Not all ejected families are enjoying court victories. Stuhff's clients, the extended Foreman family thrown out of the Redding Rancheria tribe, lost before a state trial judge. The family has appealed.
Laura Wass, area director of the American Indian Movement in Fresno, said she has counted 1,300 tribal members who have been disenrolled in California, and 700 more are facing ouster. AIM, an Indian civil rights group known in the past for its militancy, has sided with the disenrolled.
In all, the 2,000 come from 15 of the state's more than 100 tribes, and all but one of those 15 tribes have casinos; the 15th receives casino proceeds under a sharing agreement with gaming tribes, Wass said.
"It's one of the most devastating things to hit Indian country in California--ever," Wass said. "The tearing up of these families is something I can hardly swallow any more.
"The greatest downfall of Indian country is the infighting because people won't come together. Then a powerful family that has had it out for a less powerful family for a number of years can say, `You're out of here' and sign a document and they're gone," Wass said.

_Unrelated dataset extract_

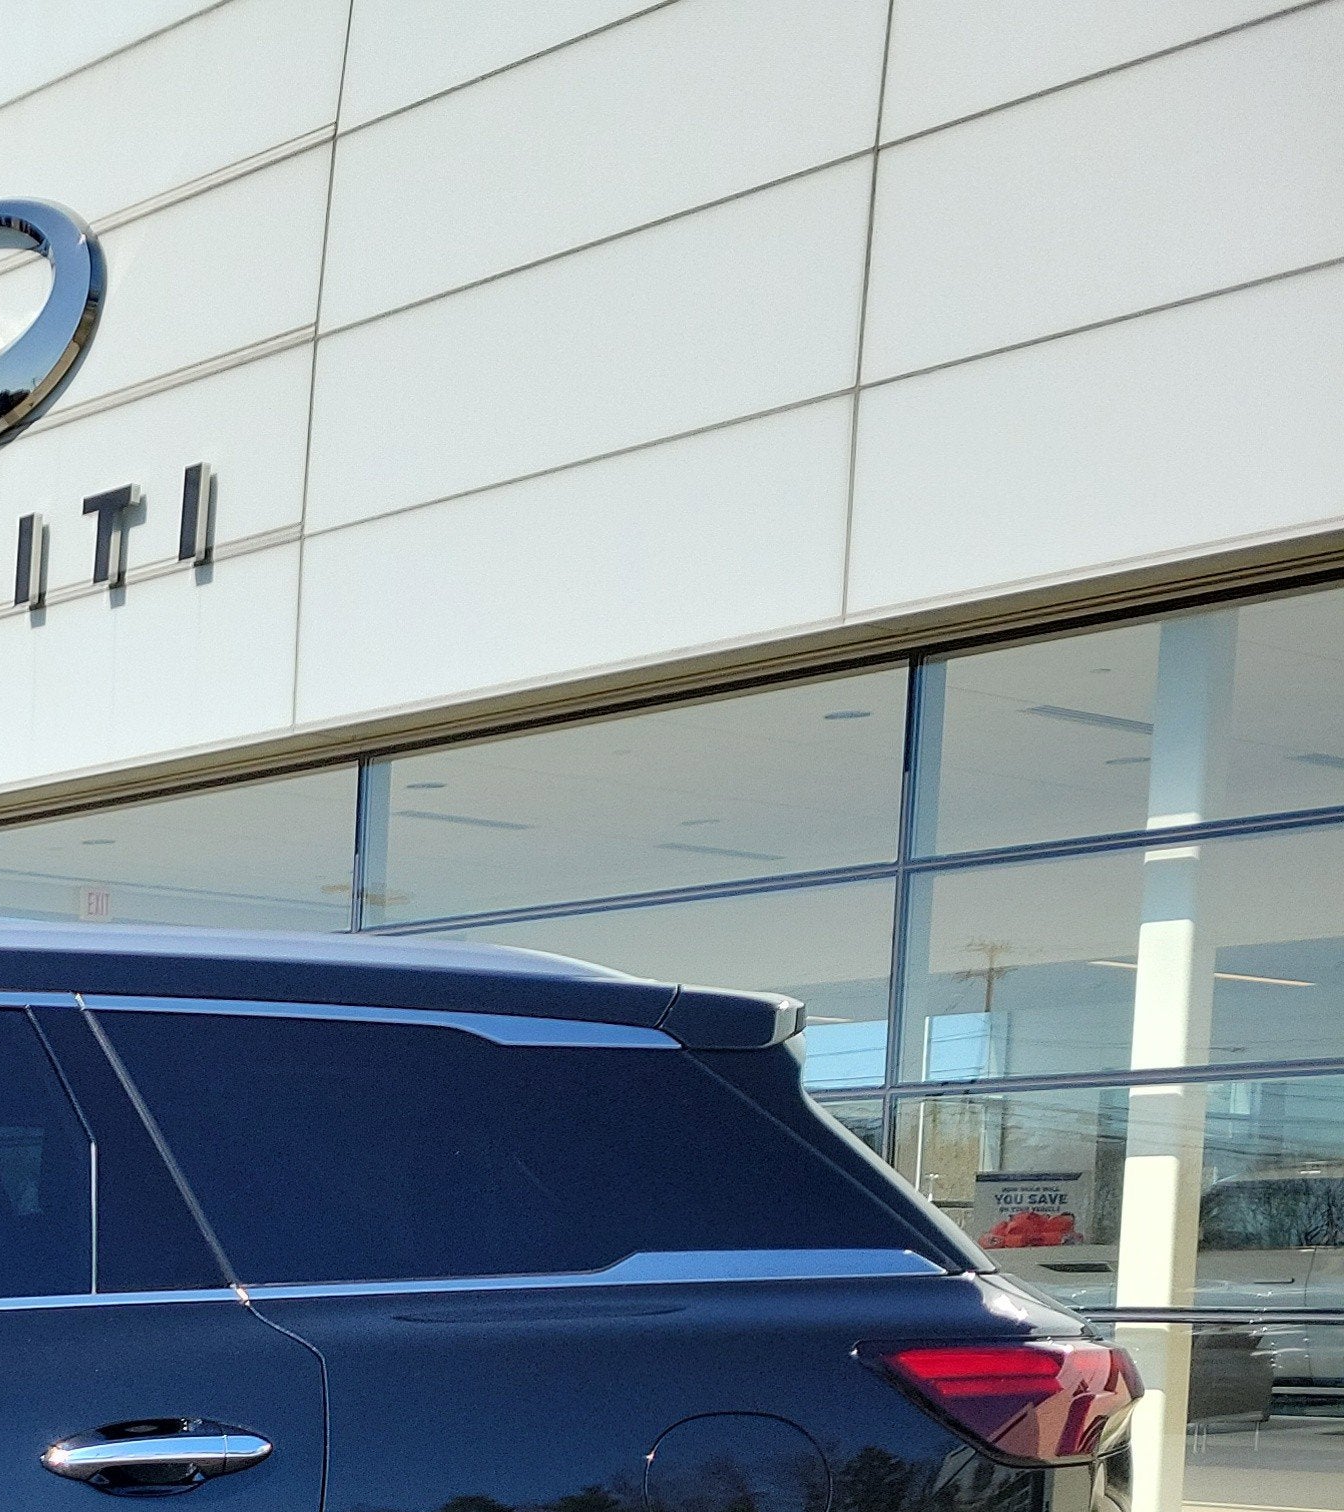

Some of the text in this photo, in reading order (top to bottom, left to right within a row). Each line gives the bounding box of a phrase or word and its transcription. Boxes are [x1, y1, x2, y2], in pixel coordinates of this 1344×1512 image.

[87, 892, 110, 916] EXIT
[994, 1194, 1068, 1205] YOU SAVE

John Schumacher, an attorney for the Pechanga enrollment committee being sued by Gomez's extended family, said he and his clients won't comment while they appeal the trial judge's acceptance of the case.
But in court documents filed by Schumacher, Pechanga enrollment officials say they abided by civil-rights laws and internal disenrollment procedures in place since 1988, well before the tribe opened its casino in the mid-1990s.

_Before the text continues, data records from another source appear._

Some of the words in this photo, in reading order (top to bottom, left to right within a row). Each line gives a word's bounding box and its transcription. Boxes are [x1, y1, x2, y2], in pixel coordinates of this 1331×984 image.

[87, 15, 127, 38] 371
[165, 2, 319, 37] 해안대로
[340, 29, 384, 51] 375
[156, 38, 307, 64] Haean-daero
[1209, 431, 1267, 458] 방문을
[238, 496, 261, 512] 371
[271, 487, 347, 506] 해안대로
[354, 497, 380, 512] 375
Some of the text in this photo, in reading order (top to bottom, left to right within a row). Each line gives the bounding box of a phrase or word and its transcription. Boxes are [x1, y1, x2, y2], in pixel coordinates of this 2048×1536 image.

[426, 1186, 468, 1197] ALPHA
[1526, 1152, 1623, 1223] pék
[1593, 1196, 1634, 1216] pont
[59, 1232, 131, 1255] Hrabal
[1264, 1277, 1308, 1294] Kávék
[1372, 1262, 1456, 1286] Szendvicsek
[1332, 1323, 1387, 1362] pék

"The Pechanga Band has over a century of experience in governing and dealing fairly with its citizens and those within its territory," Schumacher said in court papers.
In Northern California, the Redding Rancheria tribe this year ejected the 76 members of the extended Foreman family from the 295-member Indian group, said Mark Maslin, 46, a Foreman family spokesman. His wife had been a tribal council member and now is among the banished.

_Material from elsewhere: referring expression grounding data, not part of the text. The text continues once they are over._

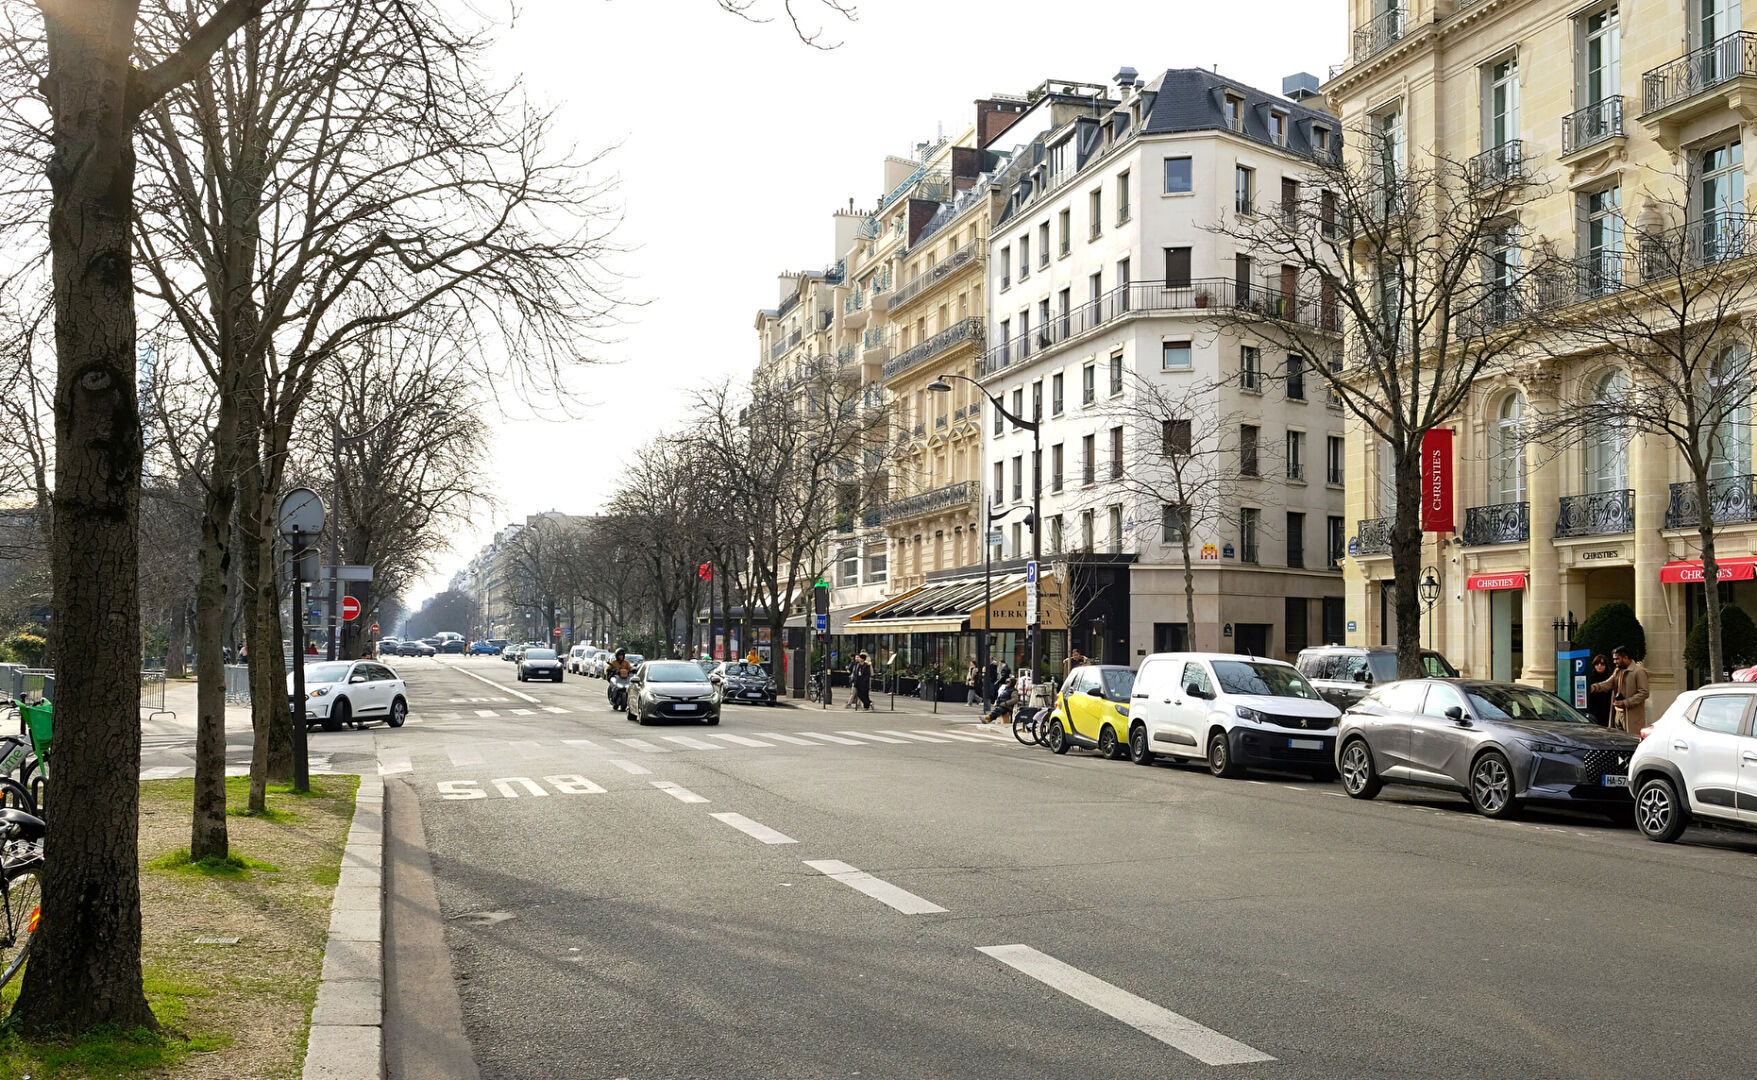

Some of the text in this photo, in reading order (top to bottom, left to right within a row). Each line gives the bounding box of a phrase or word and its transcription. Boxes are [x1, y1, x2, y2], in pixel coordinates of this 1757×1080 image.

[1432, 449, 1442, 511] CHRISTIE'S
[1029, 566, 1034, 580] P
[1477, 578, 1513, 588] CHRISTIE'S
[1575, 659, 1583, 672] P
[0, 749, 23, 773] ime
[436, 774, 608, 800] BUS

The tribal council and the enrollment committee determined that a onetime tribal elder, Lorena Butler, who died in 1995, wasn't the daughter of ancestor Virginia Timmons, amid claims that Timmons never had children, Maslin said.
The Foreman family arranged for tests of Butler's and Timmons' remains in 2003, and two DNA labs showed 99.978 percent and 99.89 percent probabilities of a mother-daughter relationship, Maslin said. Butler didn't have a birth certificate because when she was born in 1916, Indians weren't allowed in any hospitals, Maslin said.
But the tribal council wanted a birth certificate, and one member later remarked about the DNA tests, "It's not 100 percent. ... It's still a possibility" that maternity didn't exist, according to Maslin, whose wife, Carla Foreman Maslin, is Butler's granddaughter.
Family appeals ruling
Timmons' Indian heritage was undisputed because she was one of 17 original recipients of reservation land in 1958, when homes didn't have plumbing, Maslin said. Lorena Butler re-established the tribe's government in 1987 and was elected treasurer; her son became tribal chairman and served on the tribal council until 2003, Maslin said.
With the ejection of the Foreman family, the per capita payouts to remaining tribal members from casino profits has risen to $5,000 a month from $3,000, Maslin said.
A California trial judge declined to hear the Foreman case against the tribe, saying the court lacked jurisdiction, and the family has appealed to the state Supreme Court. Maslin has formed a group of disenrolled Indians called Civil Rights for American Indians, and he and Wass want Congress to review the disenrollments.
"After you get over the shock, it just sent them all into a deep, deep depression," Maslin said of his wife and her relatives. "It's somebody saying you are not who you are."